Lo soñó activo, caluroso, secreto, del grandor de un puño cerrado, color granate en la penumbra de un cuerpo humano aun sin cara ni sexo; con minucioso amor lo soñó, durante catorce lúcidas noches. Cada noche, lo percibía con mayor evidencia. No lo tocaba: se limitaba a atestiguarlo, a observarlo, tal vez a corregirlo con la mirada. Lo percibía, lo vivía, desde muchas distancias y muchos ángulos. La noche catorcena rozó la arteria pulmonar con el índice y luego todo el corazón, desde afuera y adentro. El examen lo satisfizo. Deliberadamente no soñó durante una noche: luego retomó el corazón, invocó el nombre de un planeta y emprendió la visión de otro de los órganos principales. Antes de un año llegó al esqueleto, a los párpados. El pelo innumerable fue tal vez la tarea más difícil. Soñó un hombre íntegro, un mancebo, pero éste no se incorporaba ni hablaba ni podía abrir los ojos. Noche tras noche, el hombre lo soñaba dormido.
En las cosmogonías gnósticas, los demiurgos amasan un rojo Adán que no logra ponerse de pie; tan inhábil y rudo y elemental como ese Adán de polvo era el Adán de sueño que las noches del mago habían fabricado. Una tarde, el hombre casi destruyó toda su obra, pero se arrepintió. (Más le hubiera valido destruirla.) Agotados los votos a los númenes de la tierra y del río, se arrojó a los pies de la efigie que tal vez era un tigre y tal vez un potro, e imploró su desconocido socorro. Ese crepúsculo, soñó con la estatua.

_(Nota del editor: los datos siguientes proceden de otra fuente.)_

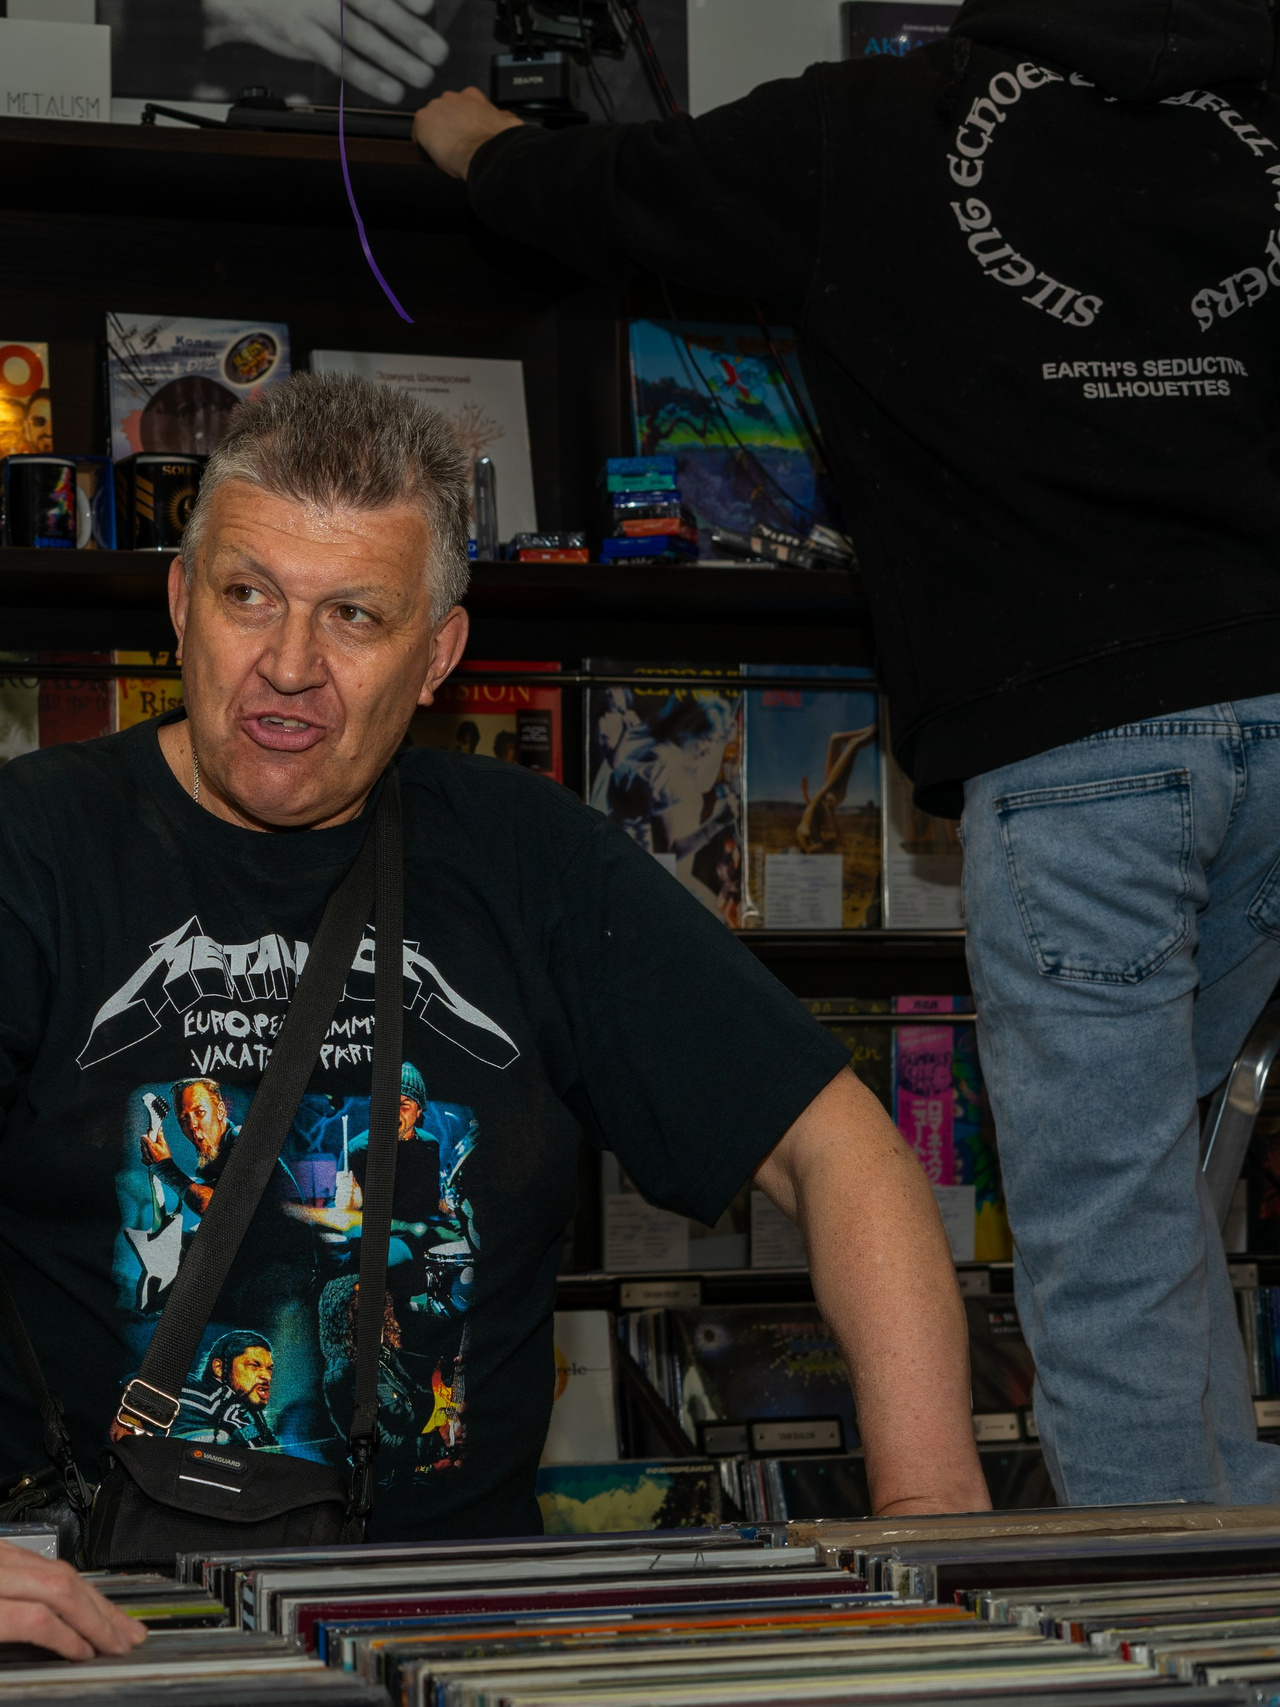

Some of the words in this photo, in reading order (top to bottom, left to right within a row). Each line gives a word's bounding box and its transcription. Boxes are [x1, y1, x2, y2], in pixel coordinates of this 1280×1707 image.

La soñó viva, trémula: no era un atroz bastardo de tigre y potro, sino a la vez esas dos criaturas vehementes y también un toro, una rosa, una tempestad. Ese múltiple dios le reveló que su nombre terrenal era Fuego, que en ese templo circular (y en otros iguales) le habían rendido sacrificios y culto y que mágicamente animaría al fantasma soñado, de suerte que todas las criaturas, excepto el Fuego mismo y el soñador, lo pensaran un hombre de carne y hueso. Le ordenó que una vez instruido en los ritos, lo enviaría al otro templo despedazado cuyas pirámides persisten aguas abajo, para que alguna voz lo glorificara en aquel edificio desierto. En el sueño del hombre que soñaba, el soñado se despertó.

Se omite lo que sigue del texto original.